Sure, he calls us perverts, but he does so with a wink and a flounce that sets us at ease. He might even make fun of a certain audience member’s appearance or manner — at the performance I attended, DelMarcelle fixated on a young person wearing a warm-looking knit cap and an older woman who was all too happy to engage with him — but not in a way that ever truly felt volatile or unpredictable.

Charlie DelMarcelle with Meghan Winch as audience conspirator. (Photo by Daniel Kontz.)
Charlie DelMarcelle with Meghan Winch as audience conspirator. (Photo by Daniel Kontz.)

I longed for a sense that Marcel truly felt violated by our presence, but it never came. That’s at least partially the script’s fault. Largely toothless, it aims for satire but merely scratches the surface. Satire requires that you engage with a problem, not merely identify it. Bultrowicz has no problem name-checking sweeping existential issues, but he doesn’t have much to say about them.

A smile and a slice

The production, which moves briskly and gets laughs, also spends most of its time on the surface level. A rare exception is the arrival of Marcel’s wife, vigorously performed by the talented, underused local actor Meghan Winch. She conspiratorially engages the audience, showing some teeth in the process, but the turning point she introduces is similarly overly obvious.

More interaction with the darker subtext of the play’s themes could have gone a long way toward fleshing out a thin script.
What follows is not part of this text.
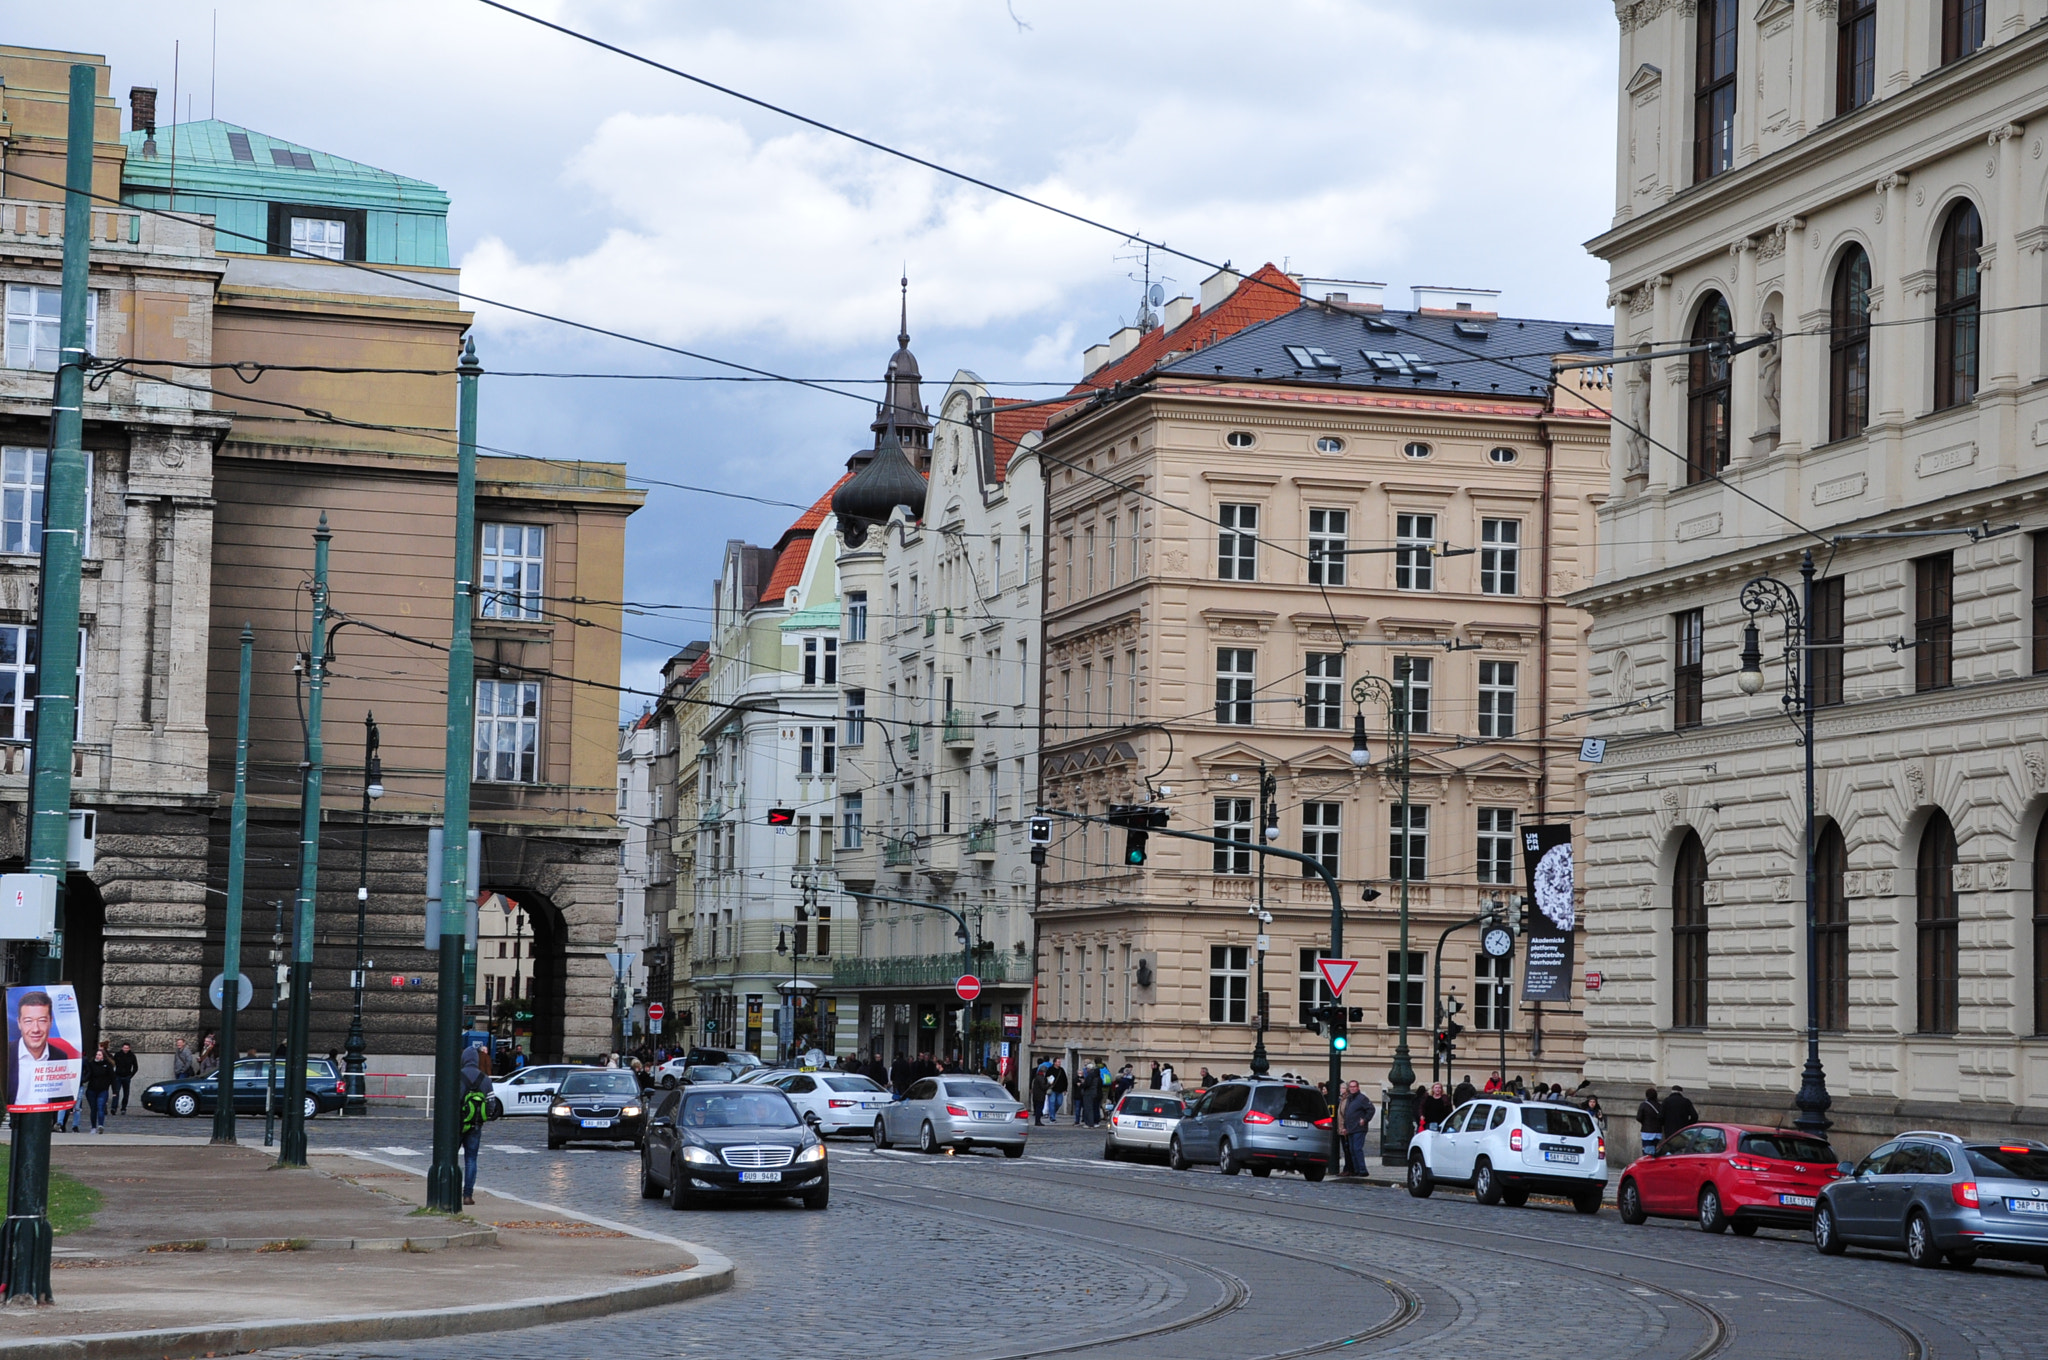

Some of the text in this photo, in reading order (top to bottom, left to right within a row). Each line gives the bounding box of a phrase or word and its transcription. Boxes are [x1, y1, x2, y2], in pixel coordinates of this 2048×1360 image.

But more often than not, MacMillan’s direction leads with a smile where a scowl would have greater resonance.

It all makes for a flirty little bagatelle, as easily consumed as the greasy, cheesy pizza slice that comes with the price of a ticket. In the end, the audience may disturb Marcel, but Marcel doesn’t do much to disturb the audience. That’s a shame.

What, When, Where

The Audience Disturbs Marcel’s Bath Time and He Is Very Upset with You All. By Ryan Bultrowicz, Kathryn MacMillan directed. Tiny Dynamite. Through December 16, 2018, at Upstairs at HeadHouse Café, 122 Lombard Street, Philadelphia. (215) 399-0088 or tinydynamite.org.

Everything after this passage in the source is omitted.